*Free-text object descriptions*
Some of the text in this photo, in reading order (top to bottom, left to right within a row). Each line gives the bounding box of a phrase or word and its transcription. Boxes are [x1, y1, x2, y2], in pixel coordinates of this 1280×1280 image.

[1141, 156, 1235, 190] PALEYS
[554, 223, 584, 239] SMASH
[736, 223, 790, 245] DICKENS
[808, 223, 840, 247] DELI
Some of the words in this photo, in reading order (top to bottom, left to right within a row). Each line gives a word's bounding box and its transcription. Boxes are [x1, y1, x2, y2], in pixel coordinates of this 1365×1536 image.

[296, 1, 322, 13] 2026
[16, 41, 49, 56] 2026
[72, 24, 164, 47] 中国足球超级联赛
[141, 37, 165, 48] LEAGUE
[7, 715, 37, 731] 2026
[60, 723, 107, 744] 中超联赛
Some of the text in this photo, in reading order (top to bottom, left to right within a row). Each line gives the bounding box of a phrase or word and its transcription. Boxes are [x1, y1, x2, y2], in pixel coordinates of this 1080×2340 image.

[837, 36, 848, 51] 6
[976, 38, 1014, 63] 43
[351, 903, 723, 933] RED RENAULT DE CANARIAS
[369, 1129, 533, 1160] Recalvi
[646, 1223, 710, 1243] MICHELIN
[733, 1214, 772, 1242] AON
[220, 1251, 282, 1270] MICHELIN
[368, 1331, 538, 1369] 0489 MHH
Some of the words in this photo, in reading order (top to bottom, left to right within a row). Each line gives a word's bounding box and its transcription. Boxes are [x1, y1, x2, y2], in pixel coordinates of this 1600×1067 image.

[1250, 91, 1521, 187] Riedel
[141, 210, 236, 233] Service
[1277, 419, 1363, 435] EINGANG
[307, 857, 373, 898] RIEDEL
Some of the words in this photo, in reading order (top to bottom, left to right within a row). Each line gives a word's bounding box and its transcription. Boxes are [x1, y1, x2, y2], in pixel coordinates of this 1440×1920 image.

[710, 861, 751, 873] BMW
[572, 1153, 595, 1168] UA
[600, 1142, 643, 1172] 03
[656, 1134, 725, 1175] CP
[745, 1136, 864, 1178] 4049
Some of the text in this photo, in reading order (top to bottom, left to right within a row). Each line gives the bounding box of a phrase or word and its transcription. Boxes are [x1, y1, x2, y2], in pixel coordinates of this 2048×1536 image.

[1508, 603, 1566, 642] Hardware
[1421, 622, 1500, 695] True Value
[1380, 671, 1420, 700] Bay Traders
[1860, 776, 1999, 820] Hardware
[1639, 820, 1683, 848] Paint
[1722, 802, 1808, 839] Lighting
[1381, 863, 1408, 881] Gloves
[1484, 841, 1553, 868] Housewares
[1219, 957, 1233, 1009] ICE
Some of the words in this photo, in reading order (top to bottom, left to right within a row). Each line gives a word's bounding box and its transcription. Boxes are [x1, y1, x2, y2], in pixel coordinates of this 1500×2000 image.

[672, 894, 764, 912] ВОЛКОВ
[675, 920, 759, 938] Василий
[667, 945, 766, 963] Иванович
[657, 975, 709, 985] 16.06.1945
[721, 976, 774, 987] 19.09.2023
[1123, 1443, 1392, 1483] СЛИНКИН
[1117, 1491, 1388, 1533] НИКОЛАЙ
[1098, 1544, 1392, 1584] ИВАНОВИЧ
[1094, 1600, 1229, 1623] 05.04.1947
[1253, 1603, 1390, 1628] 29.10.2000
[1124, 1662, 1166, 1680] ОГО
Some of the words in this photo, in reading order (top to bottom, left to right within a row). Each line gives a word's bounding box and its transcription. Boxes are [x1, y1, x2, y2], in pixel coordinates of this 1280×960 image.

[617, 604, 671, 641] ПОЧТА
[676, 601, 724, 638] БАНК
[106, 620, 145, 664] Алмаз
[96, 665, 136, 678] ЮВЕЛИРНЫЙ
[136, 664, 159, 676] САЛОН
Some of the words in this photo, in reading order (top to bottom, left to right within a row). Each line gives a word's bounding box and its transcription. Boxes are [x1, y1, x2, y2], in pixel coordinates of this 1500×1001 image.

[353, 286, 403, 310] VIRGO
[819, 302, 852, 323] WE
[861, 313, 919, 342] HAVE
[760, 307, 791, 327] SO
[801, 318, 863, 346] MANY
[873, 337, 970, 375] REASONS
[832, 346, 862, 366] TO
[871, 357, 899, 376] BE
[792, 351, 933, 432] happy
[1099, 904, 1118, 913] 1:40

*What is being asked*
Nothing in the records may be left out; reproduce them exactly.

*Answer to this task*
Some of the text in this photo, in reading order (top to bottom, left to right within a row). Each line gives the bounding box of a phrase or word and its transcription. Boxes are [x1, y1, x2, y2], in pixel coordinates of this 1280×1280 image.

[1141, 156, 1235, 190] PALEYS
[554, 223, 584, 239] SMASH
[736, 223, 790, 245] DICKENS
[808, 223, 840, 247] DELI
Some of the words in this photo, in reading order (top to bottom, left to right within a row). Each line gives a word's bounding box and its transcription. Boxes are [x1, y1, x2, y2], in pixel coordinates of this 1365×1536 image.

[296, 1, 322, 13] 2026
[16, 41, 49, 56] 2026
[72, 24, 164, 47] 中国足球超级联赛
[141, 37, 165, 48] LEAGUE
[7, 715, 37, 731] 2026
[60, 723, 107, 744] 中超联赛
Some of the text in this photo, in reading order (top to bottom, left to right within a row). Each line gives the bounding box of a phrase or word and its transcription. Boxes are [x1, y1, x2, y2], in pixel coordinates of this 1080×2340 image.

[837, 36, 848, 51] 6
[976, 38, 1014, 63] 43
[351, 903, 723, 933] RED RENAULT DE CANARIAS
[369, 1129, 533, 1160] Recalvi
[646, 1223, 710, 1243] MICHELIN
[733, 1214, 772, 1242] AON
[220, 1251, 282, 1270] MICHELIN
[368, 1331, 538, 1369] 0489 MHH
Some of the words in this photo, in reading order (top to bottom, left to right within a row). Each line gives a word's bounding box and its transcription. Boxes are [x1, y1, x2, y2], in pixel coordinates of this 1600×1067 image.

[1250, 91, 1521, 187] Riedel
[141, 210, 236, 233] Service
[1277, 419, 1363, 435] EINGANG
[307, 857, 373, 898] RIEDEL
Some of the words in this photo, in reading order (top to bottom, left to right within a row). Each line gives a word's bounding box and its transcription. Boxes are [x1, y1, x2, y2], in pixel coordinates of this 1440×1920 image.

[710, 861, 751, 873] BMW
[572, 1153, 595, 1168] UA
[600, 1142, 643, 1172] 03
[656, 1134, 725, 1175] CP
[745, 1136, 864, 1178] 4049
Some of the text in this photo, in reading order (top to bottom, left to right within a row). Each line gives the bounding box of a phrase or word and its transcription. Boxes are [x1, y1, x2, y2], in pixel coordinates of this 2048×1536 image.

[1508, 603, 1566, 642] Hardware
[1421, 622, 1500, 695] True Value
[1380, 671, 1420, 700] Bay Traders
[1860, 776, 1999, 820] Hardware
[1639, 820, 1683, 848] Paint
[1722, 802, 1808, 839] Lighting
[1381, 863, 1408, 881] Gloves
[1484, 841, 1553, 868] Housewares
[1219, 957, 1233, 1009] ICE
Some of the words in this photo, in reading order (top to bottom, left to right within a row). Each line gives a word's bounding box and its transcription. Boxes are [x1, y1, x2, y2], in pixel coordinates of this 1500×2000 image.

[672, 894, 764, 912] ВОЛКОВ
[675, 920, 759, 938] Василий
[667, 945, 766, 963] Иванович
[657, 975, 709, 985] 16.06.1945
[721, 976, 774, 987] 19.09.2023
[1123, 1443, 1392, 1483] СЛИНКИН
[1117, 1491, 1388, 1533] НИКОЛАЙ
[1098, 1544, 1392, 1584] ИВАНОВИЧ
[1094, 1600, 1229, 1623] 05.04.1947
[1253, 1603, 1390, 1628] 29.10.2000
[1124, 1662, 1166, 1680] ОГО
Some of the words in this photo, in reading order (top to bottom, left to right within a row). Each line gives a word's bounding box and its transcription. Boxes are [x1, y1, x2, y2], in pixel coordinates of this 1280×960 image.

[617, 604, 671, 641] ПОЧТА
[676, 601, 724, 638] БАНК
[106, 620, 145, 664] Алмаз
[96, 665, 136, 678] ЮВЕЛИРНЫЙ
[136, 664, 159, 676] САЛОН
Some of the words in this photo, in reading order (top to bottom, left to right within a row). Each line gives a word's bounding box and its transcription. Boxes are [x1, y1, x2, y2], in pixel coordinates of this 1500×1001 image.

[353, 286, 403, 310] VIRGO
[819, 302, 852, 323] WE
[861, 313, 919, 342] HAVE
[760, 307, 791, 327] SO
[801, 318, 863, 346] MANY
[873, 337, 970, 375] REASONS
[832, 346, 862, 366] TO
[871, 357, 899, 376] BE
[792, 351, 933, 432] happy
[1099, 904, 1118, 913] 1:40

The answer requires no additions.